Meta tWmz27 Jul 17, 2023

Aurora pipdaddy69 Jul 17, 2023

+1

The Nature’s Bounty 52Mbb Jul 17, 2023

It's actually a pretty good post. I encourage you to read it. Or at least throw it into chatgpt to summarize it

Workday 👹yummy Jul 17, 2023

I approach my job as a weapon/machine of engineering that my manager can unleash on tasks so don’t have any of these problems 🤷‍♂️

New
Jiat48 Jul 17, 2023

Or the IC6 TC, I'm guessing.

ADP iGot5s Jul 17, 2023

Thanks for your insights OP. One of the very few contents I’ve read here on Blind, but certainly one that makes browsing thru the endless shitposts worth for these nuggets

New
15amp Jul 17, 2023

Yeah it's a good post. A lot of common sense but valuable reminders nonetheless. Anybody who's looking around right now should read this. It's a shame it's wasted on the ignorant swine that dominates Blind these days. I'm looking at the shitposts in response to OP and it's like being stuck with a bunch of kids making fart noises in class.

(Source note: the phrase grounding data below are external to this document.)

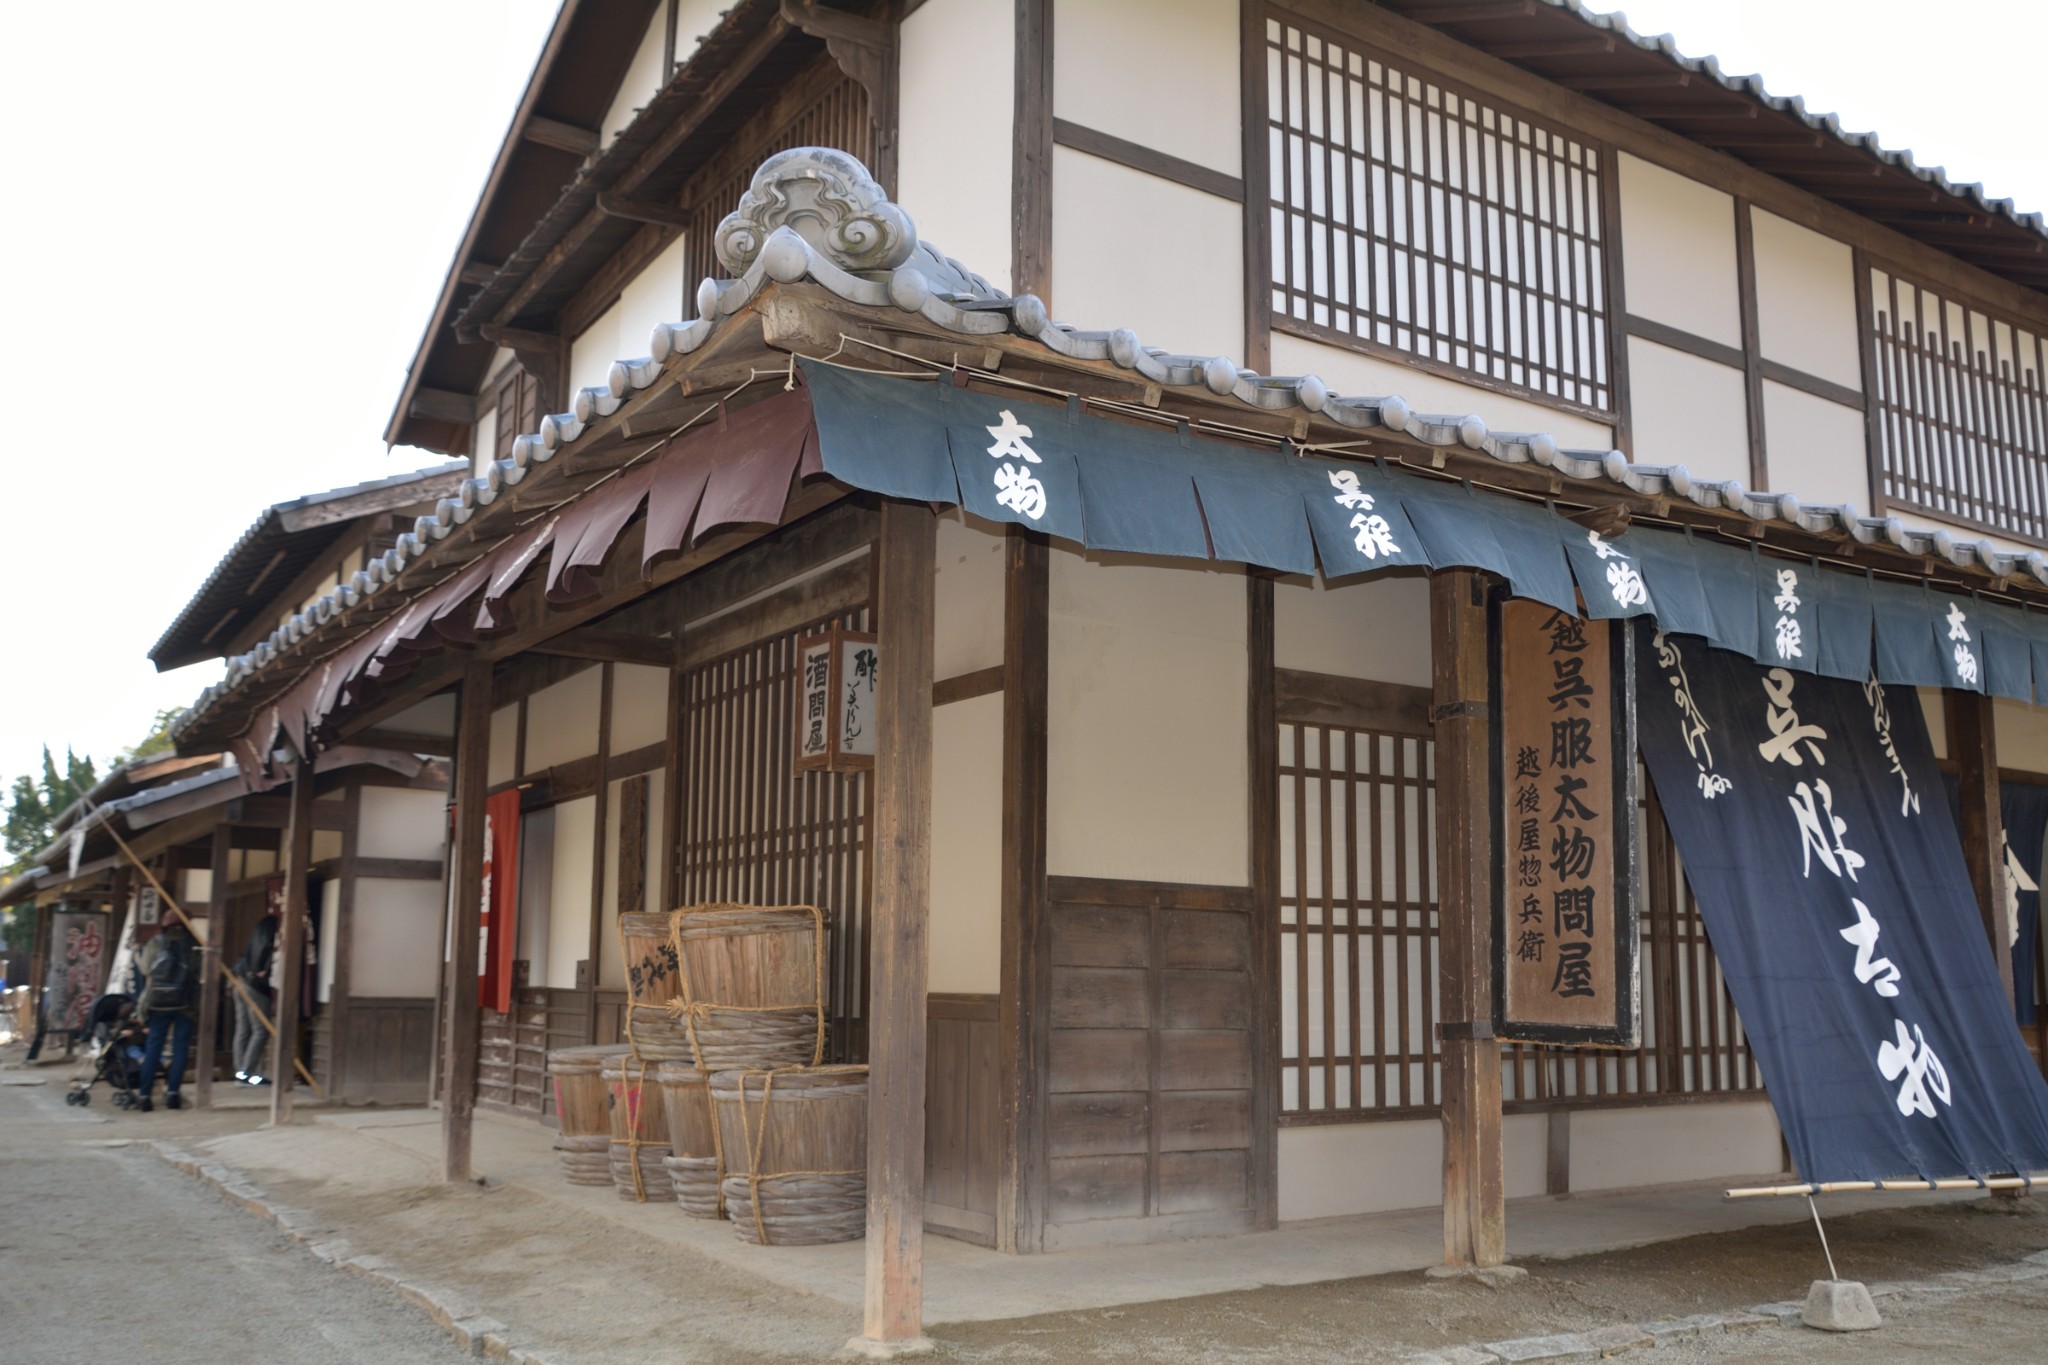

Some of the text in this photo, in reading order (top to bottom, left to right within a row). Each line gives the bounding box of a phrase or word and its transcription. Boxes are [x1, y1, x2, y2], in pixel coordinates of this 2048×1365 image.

[986, 409, 1047, 520] 太物
[1328, 469, 1402, 560] 呉服
[1774, 569, 1803, 658] 呉服
[1947, 602, 1978, 684] 太物
[804, 653, 830, 753] 酒問屋

True Fit gptuser Jul 17, 2023

someone please ask chatgpt to put this in a rap

Amazon notjass Jul 17, 2023

Meta, SWEs, it's time to unwind, Here's some truth about the corporate grind, Treated as a resource, not a human soul, Replaceable in an instant, that's the goal. Managers talk responsibility, but it's for show, Controlled scenarios, the management's flow, Picking a team? Get insider insight, Investigate the diffs, see what's in sight. Negotiate your worth, don't settle for less, Recruiters use psychology, put it to the test, Managers may lie, but dig through the code, Don't be fooled by promises on the road. Managers transition, leading without skill, Babysitting teams, they lack the thrill, Defend your impact, make your own decisions, Don't let managers stall your upward ambitions. Remember, large companies have their ways, Culture differences can leave you in a daze, But with knowledge in hand, navigate the scene, Keep your career on track, fulfill your dream. So SWEs, listen up, take this rap to heart, In the industry game, play it smart, Meta or elsewhere, the rules are the same, Navigate with wisdom, find your own fame.

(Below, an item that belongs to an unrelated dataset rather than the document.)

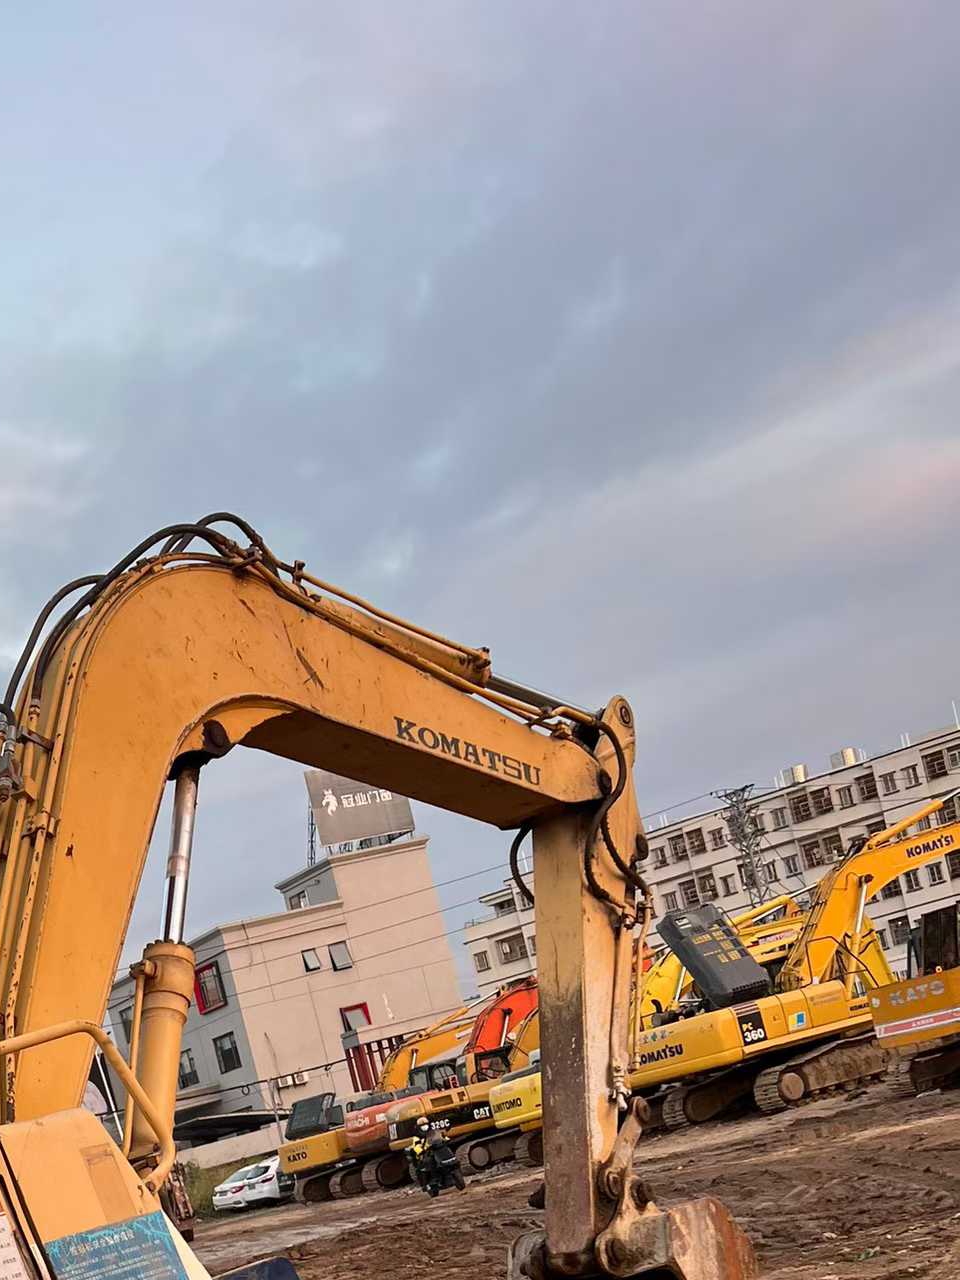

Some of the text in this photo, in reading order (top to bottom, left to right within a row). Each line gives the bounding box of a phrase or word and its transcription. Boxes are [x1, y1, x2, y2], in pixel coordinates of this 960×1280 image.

VMware caravagio Jul 17, 2023

Thanks, it was an interesting read! Btw, is there any company on this planet to which employees are not resources?

LinkedIn getGudNoob Jul 17, 2023

This. I’d happily be a “corporate slave” if it means I am making doctor level salary while doing it.

Airbnb buziekw Jul 17, 2023

I've known a few with blood and soul, employees valued and treated like humans.....

Datadog berning Jul 17, 2023

Or, stop living like a sociopathic slave and work at a company that doesn't have so much gamification. Life is too short for this BS.

Google ccTV424 Jul 17, 2023

Preach

Amazon elendegen Jul 17, 2023

I’d imagine pretty much all large companies in lucrative fields that attract the likes of hubristic tech bros get like this to some extent

Twilio dXAV84 Jul 17, 2023

Mate is an anagram of Meta. Hidden in plain sight

Uber dnbdvk Jul 17, 2023

Teamsight bit is very good advice. Diffs speak louder than words. Thanks for the effortpost OP

New
mr.maker Jul 17, 2023

please what are diffs

Nuro zVAp13 Jul 17, 2023

Ok so meta is the same as every other corp? Got it

Macquarie JNSF6 Jul 17, 2023

Surely there's orgs inside the company you can go to to dodge this stupidity? Or is everything outside research one giant pit of snakes and morons.

Meta 871w Jul 17, 2023

Op is spot on, but I think his observations concentrate more in product orgs, which are filled with kids, aka "senior junior SWEs" like 3 YOE E5s and 6 YOE E6s. The more technical the org (read core infra systems) the less gamification you get and the more grownup your peers are. Consumer facing product orgs are the worst, like Instagram, Avatars, FB, etc. Ads too.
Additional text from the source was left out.